Data to use:
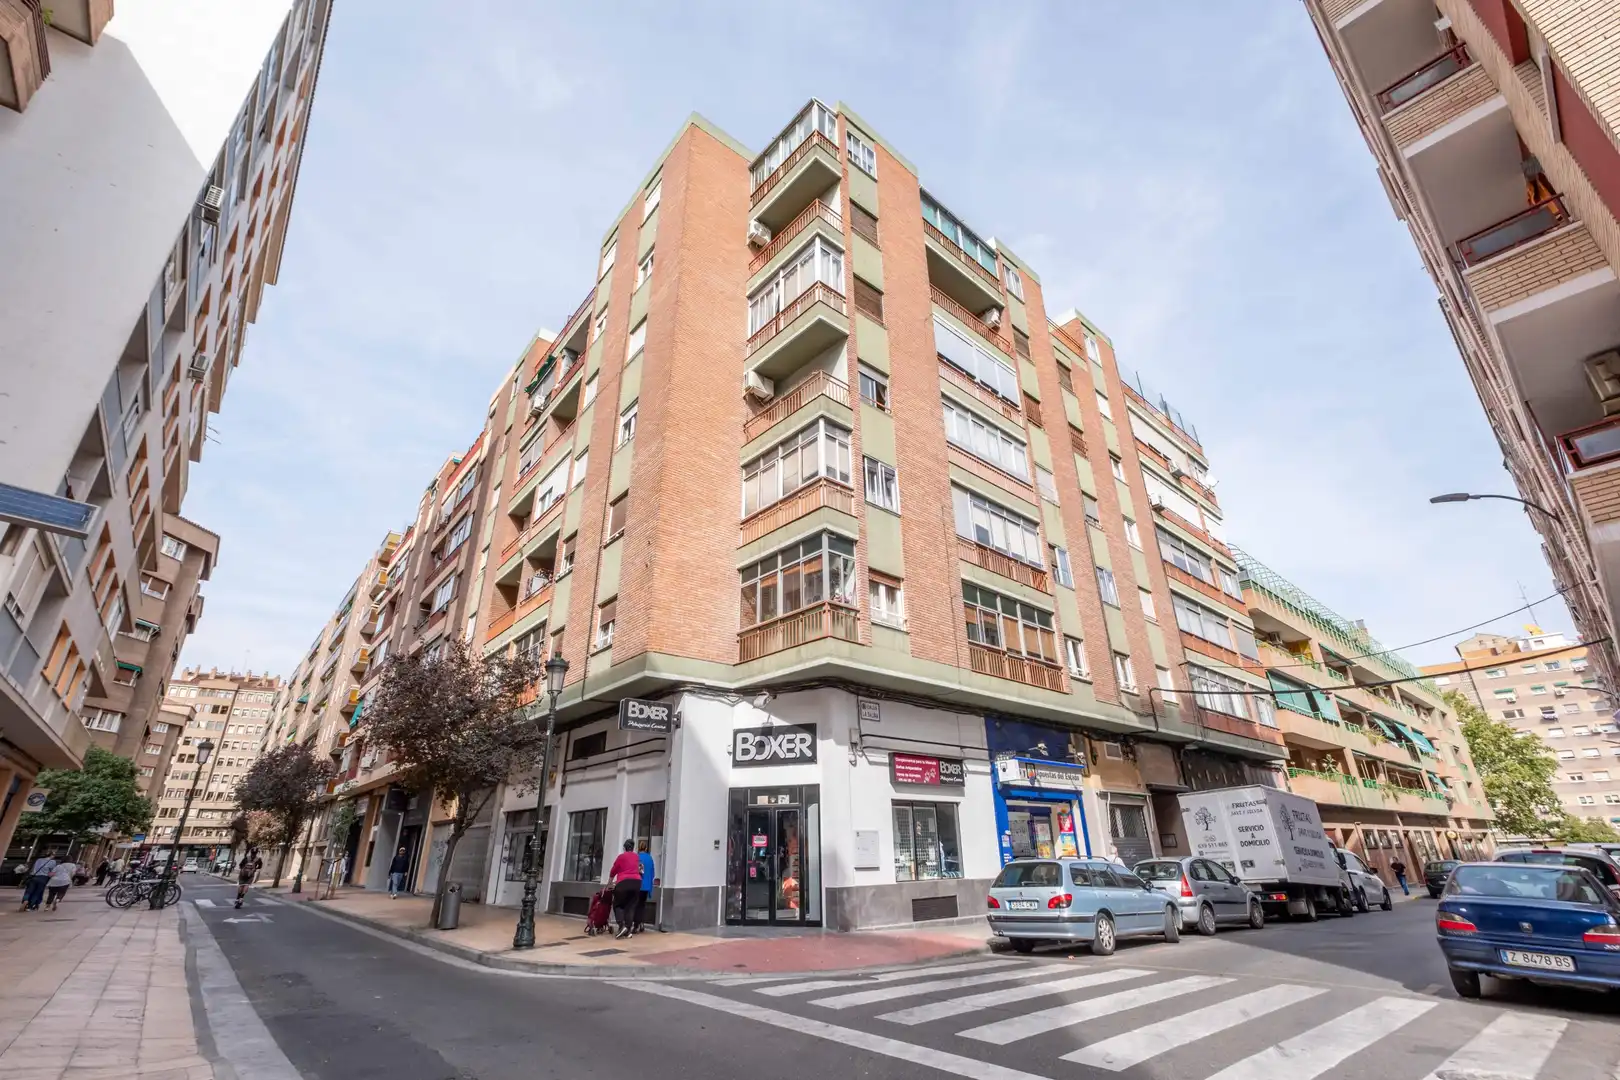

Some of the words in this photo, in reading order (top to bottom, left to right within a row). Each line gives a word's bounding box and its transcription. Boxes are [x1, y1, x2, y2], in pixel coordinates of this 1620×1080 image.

[628, 701, 669, 720] BOXER
[736, 732, 813, 761] BOXER
[940, 761, 961, 774] BOXER
[1240, 839, 1270, 847] DOMICILIO
[1511, 952, 1518, 962] Z
[1523, 954, 1552, 965] 8478
[1556, 956, 1571, 968] BS
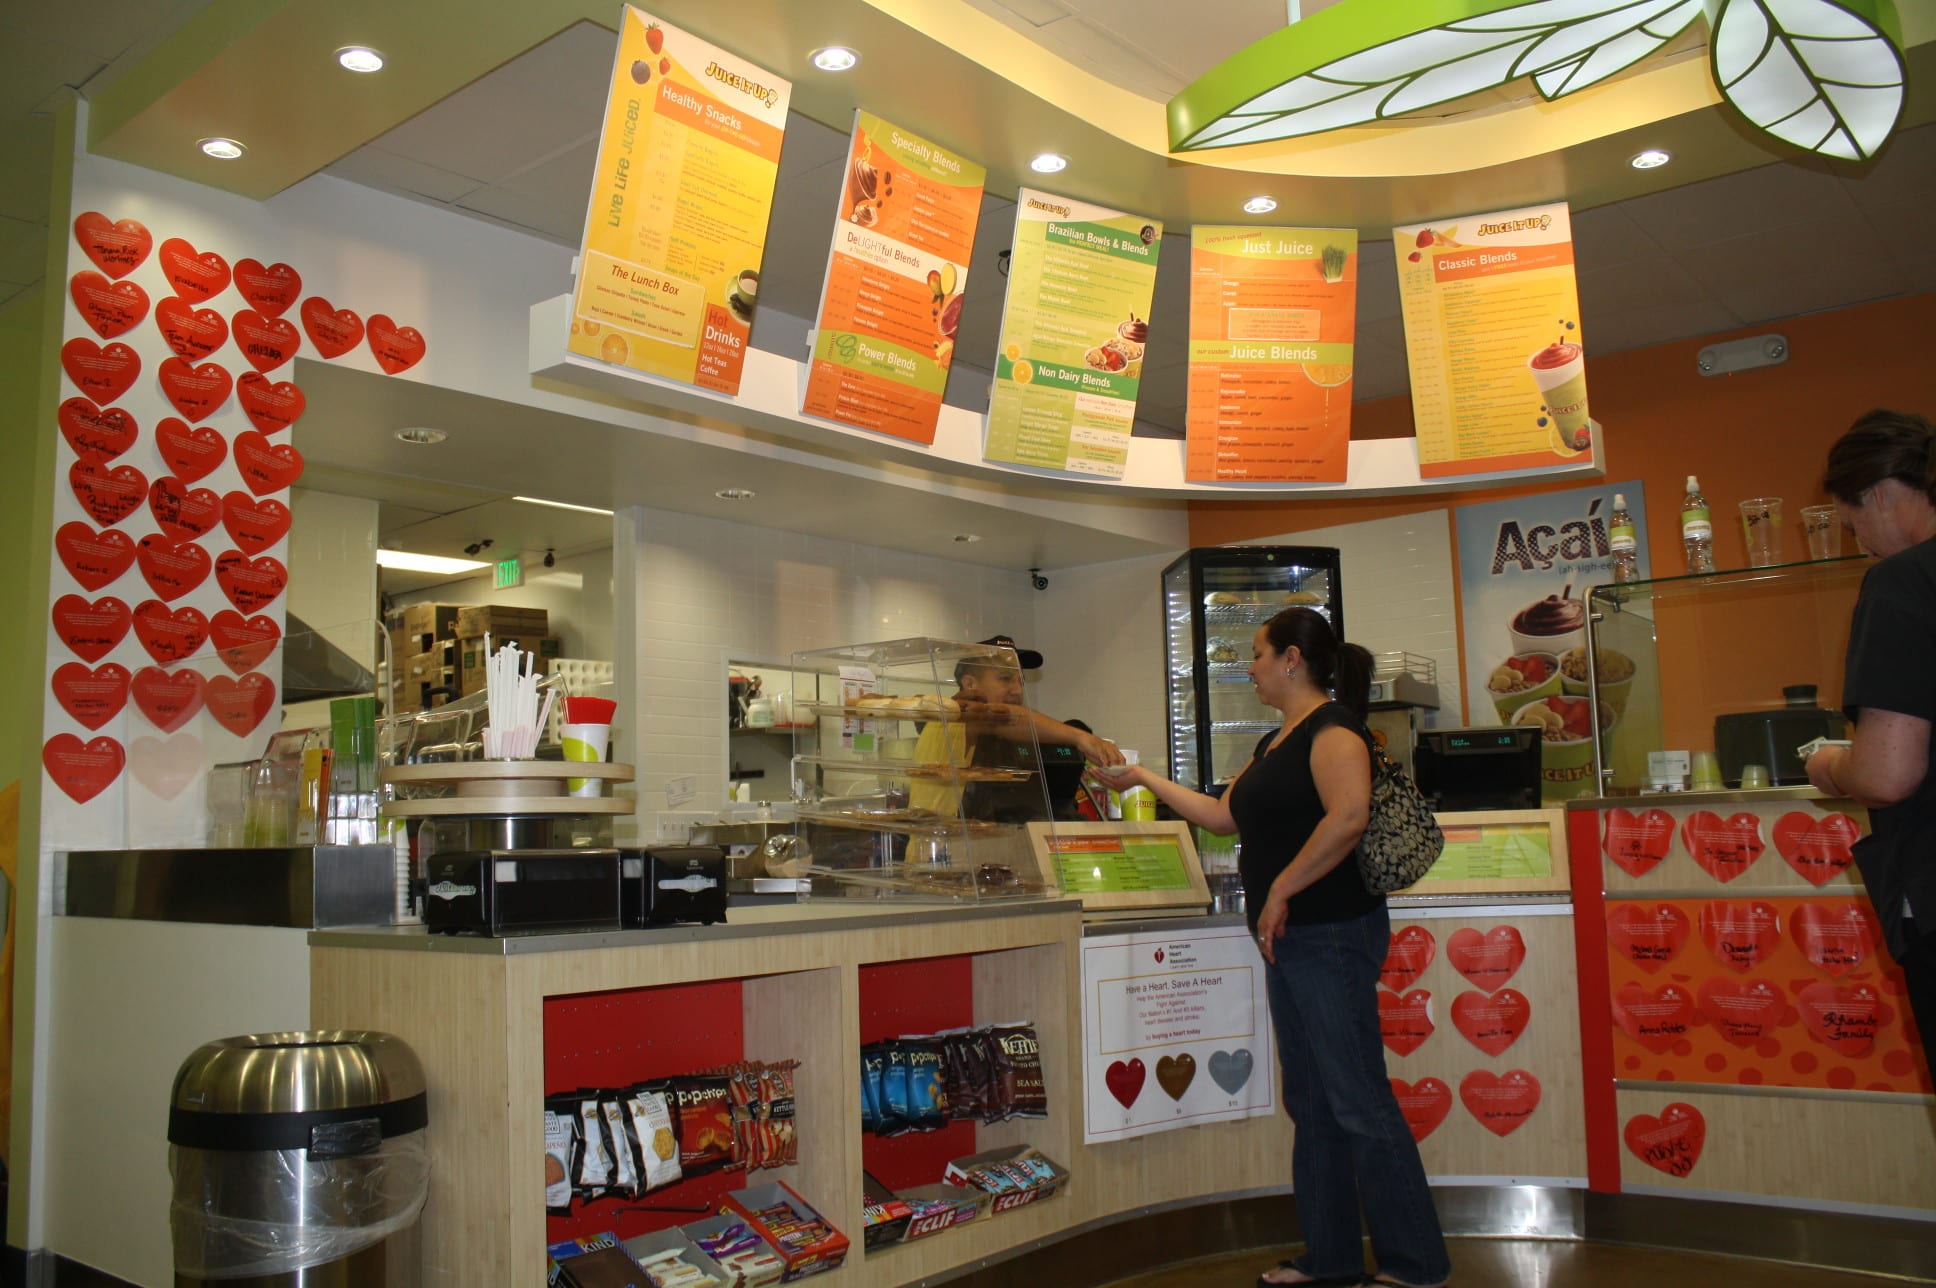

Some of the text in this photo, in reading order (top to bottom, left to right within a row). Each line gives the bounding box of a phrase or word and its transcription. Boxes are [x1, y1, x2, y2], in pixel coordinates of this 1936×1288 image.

[705, 62, 740, 88] JUICE
[740, 77, 753, 94] IT
[662, 84, 742, 130] Healthy Snacks
[890, 132, 935, 160] Specialty
[933, 150, 961, 174] Blends
[1478, 222, 1512, 236] JUICE
[1512, 220, 1524, 231] IT
[1048, 223, 1149, 256] Brazilian Bowls & Blends
[1242, 239, 1313, 255] Just Juice
[894, 250, 920, 269] Blends
[1438, 251, 1518, 271] Classic Blends
[611, 264, 680, 296] The Lunch Box
[708, 308, 729, 327] Hot
[705, 326, 741, 348] Drinks
[702, 354, 727, 368] Hot Teas
[858, 343, 885, 361] Power
[887, 352, 917, 372] Blends
[1229, 345, 1317, 360] Juice Blends
[700, 365, 719, 376] Coffee
[1038, 365, 1112, 388] Non Dairy Blends
[1491, 498, 1610, 575] Açaí
[497, 559, 517, 586] EXIT
[1126, 985, 1140, 994] Have
[1172, 980, 1190, 989] Save
[1192, 978, 1198, 986] A
[1200, 976, 1223, 986] Heart
[1152, 1032, 1168, 1040] buying
[1017, 1079, 1029, 1087] SEA
[678, 1088, 727, 1106] popchips
[1003, 1190, 1035, 1208] CLIF
[920, 1210, 956, 1233] CLIF
[581, 1238, 615, 1253] KIND

What you will do: Give back every record above word for word, dropping pictures.

Output below:
Some of the words in this photo, in reading order (top to bottom, left to right within a row). Each line gives a word's bounding box and its transcription. Boxes are [x1, y1, x2, y2], in pixel coordinates of this 1620×1080 image.

[628, 701, 669, 720] BOXER
[736, 732, 813, 761] BOXER
[940, 761, 961, 774] BOXER
[1240, 839, 1270, 847] DOMICILIO
[1511, 952, 1518, 962] Z
[1523, 954, 1552, 965] 8478
[1556, 956, 1571, 968] BS

Some of the text in this photo, in reading order (top to bottom, left to right within a row). Each line gives the bounding box of a phrase or word and its transcription. Boxes are [x1, y1, x2, y2], in pixel coordinates of this 1936×1288 image.

[705, 62, 740, 88] JUICE
[740, 77, 753, 94] IT
[662, 84, 742, 130] Healthy Snacks
[890, 132, 935, 160] Specialty
[933, 150, 961, 174] Blends
[1478, 222, 1512, 236] JUICE
[1512, 220, 1524, 231] IT
[1048, 223, 1149, 256] Brazilian Bowls & Blends
[1242, 239, 1313, 255] Just Juice
[894, 250, 920, 269] Blends
[1438, 251, 1518, 271] Classic Blends
[611, 264, 680, 296] The Lunch Box
[708, 308, 729, 327] Hot
[705, 326, 741, 348] Drinks
[702, 354, 727, 368] Hot Teas
[858, 343, 885, 361] Power
[887, 352, 917, 372] Blends
[1229, 345, 1317, 360] Juice Blends
[700, 365, 719, 376] Coffee
[1038, 365, 1112, 388] Non Dairy Blends
[1491, 498, 1610, 575] Açaí
[497, 559, 517, 586] EXIT
[1126, 985, 1140, 994] Have
[1172, 980, 1190, 989] Save
[1192, 978, 1198, 986] A
[1200, 976, 1223, 986] Heart
[1152, 1032, 1168, 1040] buying
[1017, 1079, 1029, 1087] SEA
[678, 1088, 727, 1106] popchips
[1003, 1190, 1035, 1208] CLIF
[920, 1210, 956, 1233] CLIF
[581, 1238, 615, 1253] KIND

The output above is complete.